Estamos convencidos que antes de proponer los incrementos en la tributación, esta administración debe explicar con claridad sus estrategias para enfrentar esta situación y, además, cómo asumirá sus responsabilidades financieras para el próximo año.

En lugar de ajustar a la alza los gravámenes ya existentes, es necesario cuidar el gasto corriente para estabilizar las finanzas públicas y con ello, brindar certidumbre a la inversión de nuestro Estado y acrecentar la competitividad de las estructuras productivas de nuestra región.

Es ineludible que el Gobierno del Estado tiene la responsabilidad de revisar nuevamente sus proyectos de Ley de Ingresos y Presupuesto de Egresos del próximo año para, posteriormente, plantear los mecanismos que aseguren la eficiencia y transparencia del uso de los recursos públicos.

No queremos que el aumento de impuestos siga siendo la salida fácil para cubrir las ineficiencias de quienes conducen la administración pública en Baja California.

Esperamos que más allá de tocar la puerta de los funcionarios federales, se comience a crear un plan de austeridad para el próximo año.

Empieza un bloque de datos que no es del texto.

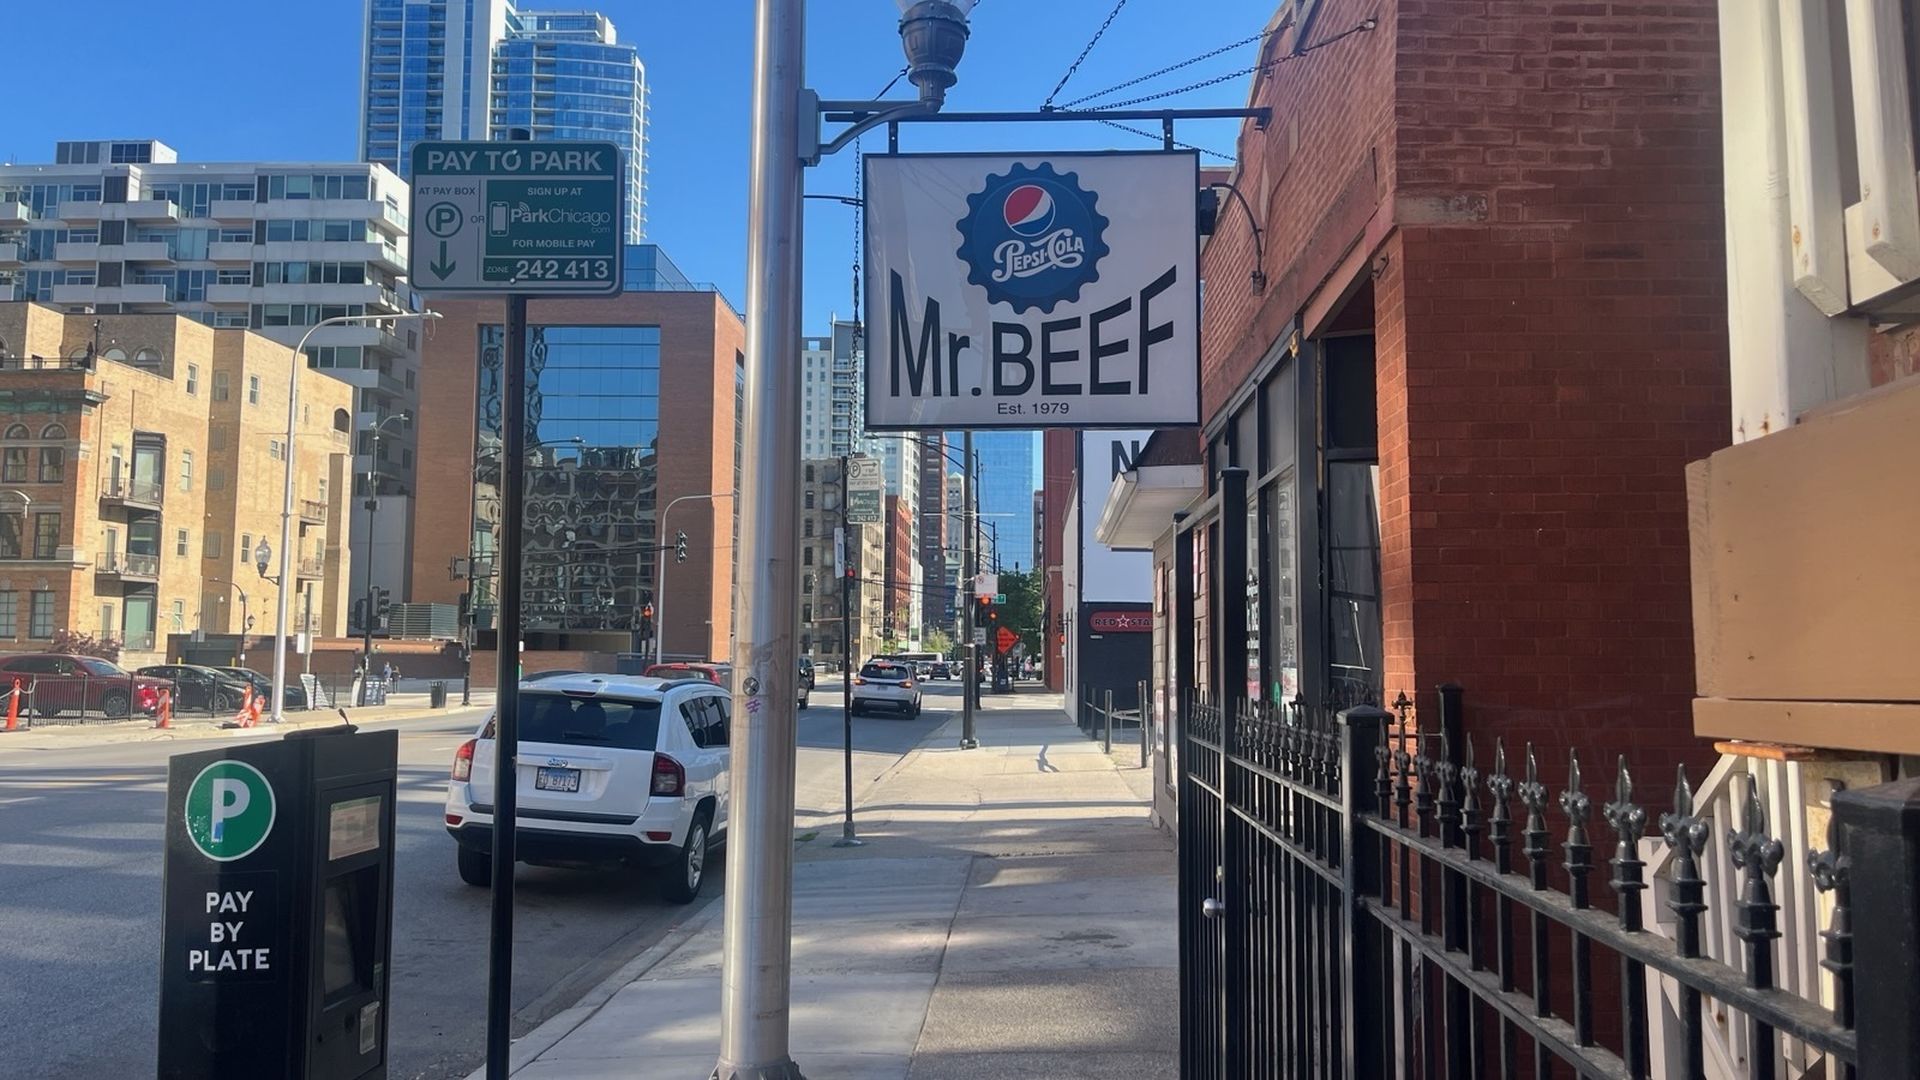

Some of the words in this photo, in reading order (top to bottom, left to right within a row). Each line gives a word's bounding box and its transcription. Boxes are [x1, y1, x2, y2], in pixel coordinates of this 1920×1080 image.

[427, 150, 478, 171] PAY
[484, 149, 522, 172] TO
[530, 150, 603, 171] PARK
[418, 186, 431, 196] AT
[433, 186, 452, 196] PAY
[454, 186, 476, 196] BOX
[527, 187, 552, 196] SIGN
[554, 187, 568, 196] UP
[570, 187, 583, 196] AT
[435, 208, 456, 232] P
[470, 215, 486, 225] OR
[510, 207, 611, 227] ParkChicago
[512, 239, 534, 248] FOR
[535, 239, 575, 248] MOBILE
[576, 239, 597, 248] PAY
[486, 265, 510, 274] ZONE
[515, 260, 559, 279] 242
[564, 260, 609, 279] 413
[890, 268, 982, 397] Mr.
[992, 264, 1177, 397] BEEF
[997, 402, 1026, 415] Est.
[1032, 402, 1070, 415] 1979
[1095, 618, 1116, 626] RED
[210, 777, 251, 843] P
[205, 890, 254, 914] PAY
[210, 921, 244, 943] BY
[189, 948, 270, 971] PLATE

Además, le proponemos la formación de un Consejo Consultivo Financiero de Emergencia, el Gobierno y el Sector Productivo, trabajemos juntos en encontrar una salida a esta gravísima situación financiera, donde lo primero que debemos hacer es analizar, con objetividad y transparencia, la capacidad del Estado.

No podemos seguir comprometiendo más  las débiles finanzas públicas de Baja California.